THE HATEFO CASE
For many companies operating under EU REACH, SME qualification appears deceptively simple.
The common assumption is:
count employees,
review turnover,
check balance sheet totals,
determine the SME category,
claim the reduced ECHA fee.
However, one of the most important EU court decisions on SME qualification — Case C-110/13 HaTeFo GmbH v Finanzamt Haldensleben — demonstrated that this approach is often dangerously incomplete.
The HaTeFo judgment fundamentally changed how EU authorities interpret:
economic independence,
linked enterprises,
operational integration,
family ownership,
and coordinated control.
Most importantly, the judgment confirmed that:
EU authorities may look beyond formal ownership structures and examine the actual economic reality behind a business.
This principle is now highly relevant during:
ECHA SME verification procedures,
REACH fee reduction reviews,
State aid assessments,
and broader EU SME qualification exercises.
For companies with complex ownership structures, misunderstanding this judgment can lead to:
retroactive fee corrections,
top-up invoices,
administrative charges,
prolonged disputes,
and enormous operational time loss.
This article explains:
what the HaTeFo case actually involved,
what the Court concluded,
why most companies misunderstand SME qualification,
and why specialist SME size assessment has become essential under REACH.
The Legal Background — The EU SME Definition
The EU SME framework is primarily based on:
Commission Recommendation 2003/361/EC,
the EU SME Definition User Guide,
and subsequent case law.
The framework distinguishes between:
autonomous enterprises,
partner enterprises,
and linked enterprises.
The purpose of these rules is not merely to classify companies by size.
The objective is to ensure that only genuinely independent SMEs benefit from:
reduced fees,
financial support,
incentives,
and preferential treatment.
The SME User Guide itself warns that:
access to significant additional resources may disqualify an enterprise from SME status.
This broader policy objective became central to the HaTeFo judgment.
What Was the HaTeFo Case About?
The HaTeFo dispute arose in Germany and concerned the interpretation of “linked enterprises” under Recommendation 2003/361/EC.
EUR-Lex – C-110/13 HaTeFo Judgment
The key issue before the Court of Justice of the European Union (CJEU) was:
Can companies be considered linked even when no direct majority ownership exists?
This was extremely important because many businesses traditionally assumed:
below 50% ownership = not linked,
no parent company = independent,
separate legal entities = autonomous.
The Court ultimately rejected this simplistic interpretation.
What the Court Actually Concluded
The HaTeFo judgment established several highly influential principles.

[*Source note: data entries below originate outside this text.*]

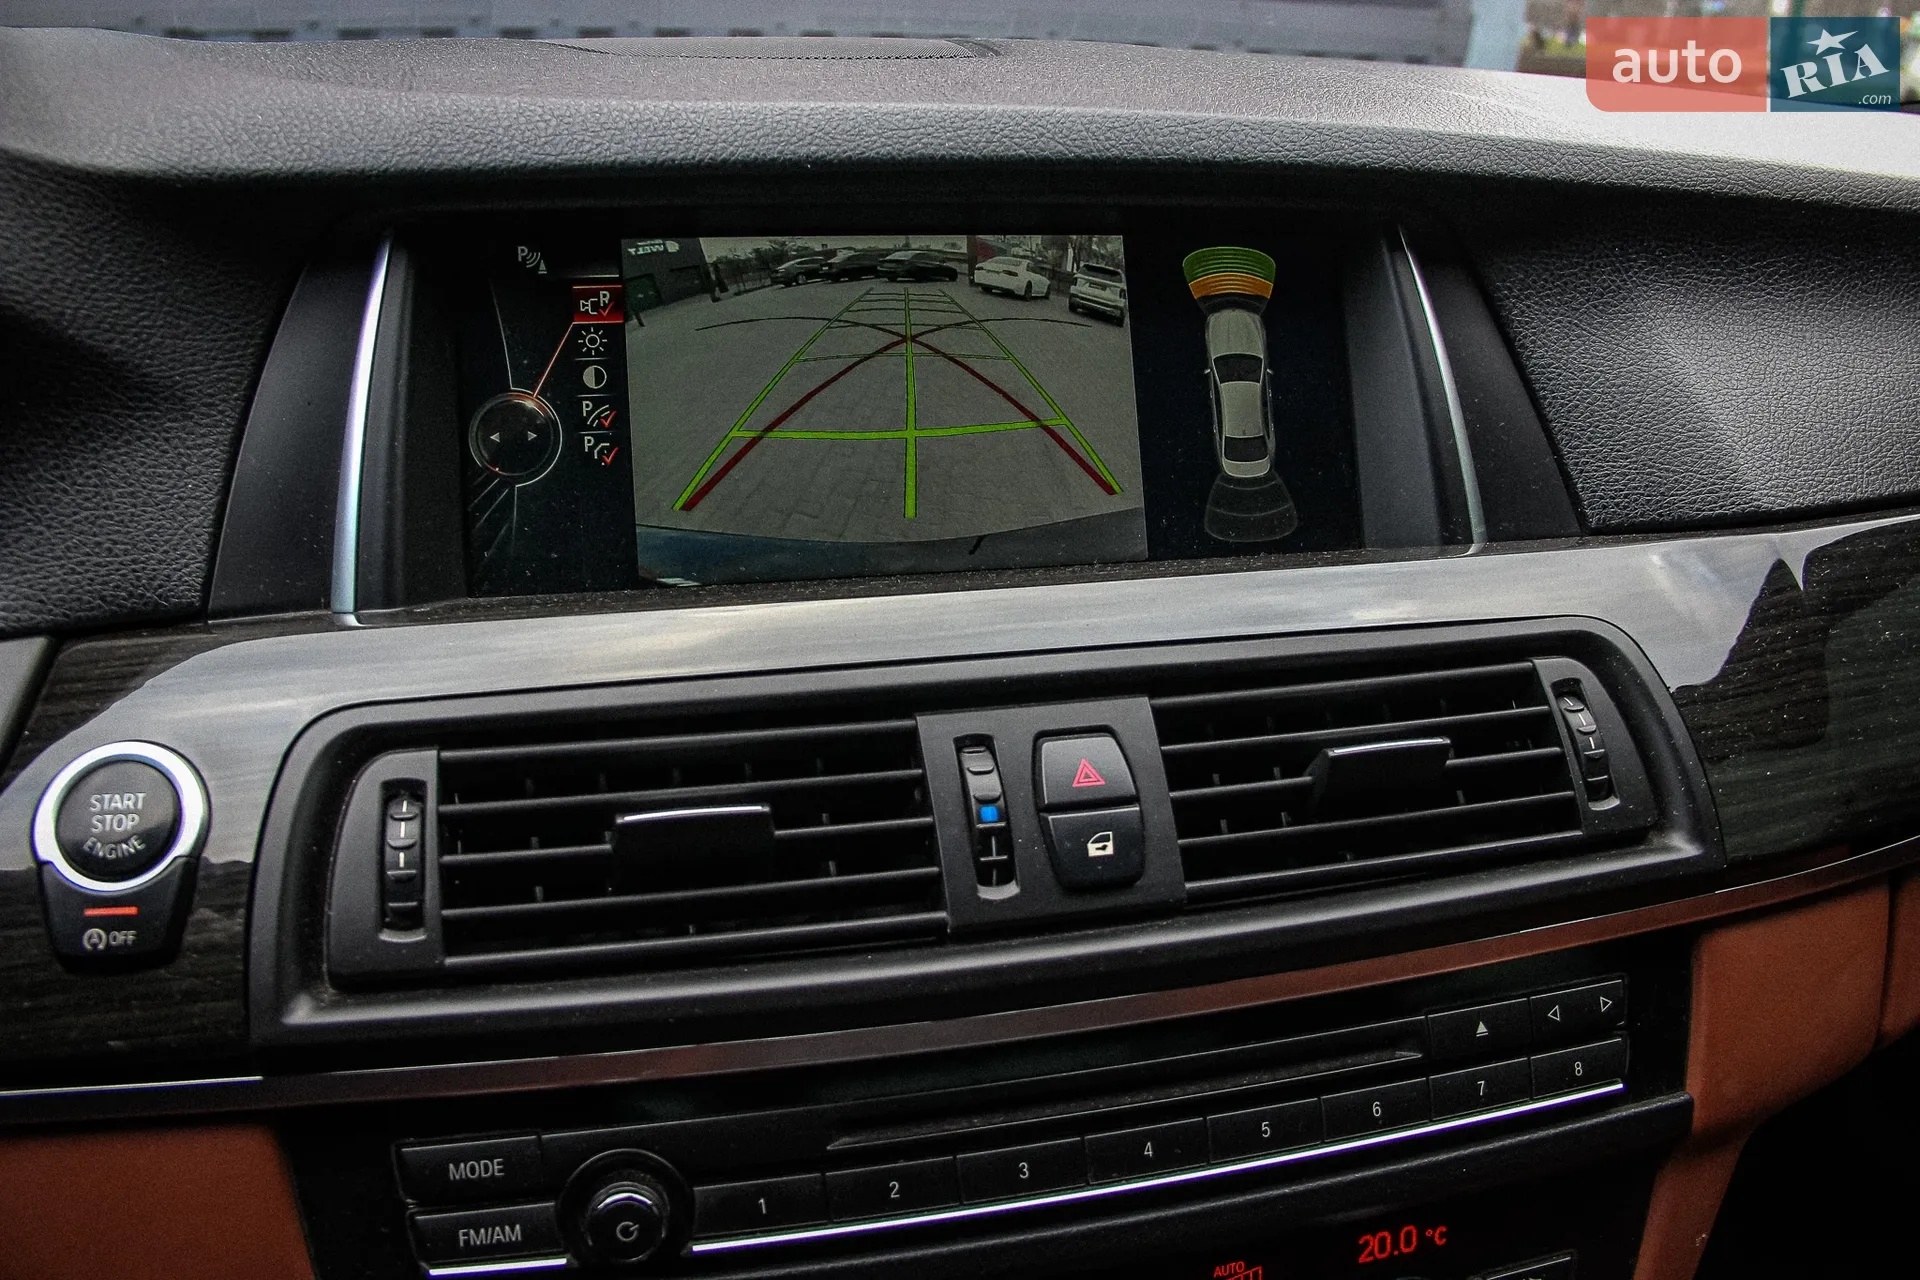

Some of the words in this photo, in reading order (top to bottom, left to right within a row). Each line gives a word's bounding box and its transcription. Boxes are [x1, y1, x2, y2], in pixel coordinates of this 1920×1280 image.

[89, 792, 147, 812] START
[91, 814, 140, 834] STOP
[82, 835, 145, 859] ENGINE
[109, 930, 137, 946] OFF
[757, 1198, 767, 1214] 1
[889, 1181, 900, 1198] 2
[1018, 1162, 1029, 1179] 3
[1143, 1141, 1154, 1158] 4
[1260, 1121, 1270, 1138] 5
[1372, 1101, 1382, 1118] 6
[1476, 1080, 1485, 1097] 7
[1573, 1060, 1583, 1077] 8
[448, 1158, 505, 1181] MODE
[458, 1224, 522, 1247] FM/AM
[1358, 1225, 1417, 1263] 20.0
[1213, 1261, 1245, 1278] AUTO

1. Formal Ownership Is Not the End of the Analysis
The Court clarified that SME qualification cannot be determined solely through:
shareholder registers,
voting percentages,
or corporate charts.
Instead, authorities must evaluate whether businesses are genuinely economically independent.
This means EU authorities may assess:
practical control,
strategic influence,
economic coordination,
operational dependence,
and commercial integration.
This was a major shift away from purely formal corporate analysis.
2. “Acting Jointly” Does Not Require a Written Agreement
One of the most important aspects of HaTeFo was the Court’s interpretation of natural persons “acting jointly.”
The Court confirmed that:
formal contracts are not required;
written coordination agreements are not necessary;
coordinated influence may be inferred from actual behaviour.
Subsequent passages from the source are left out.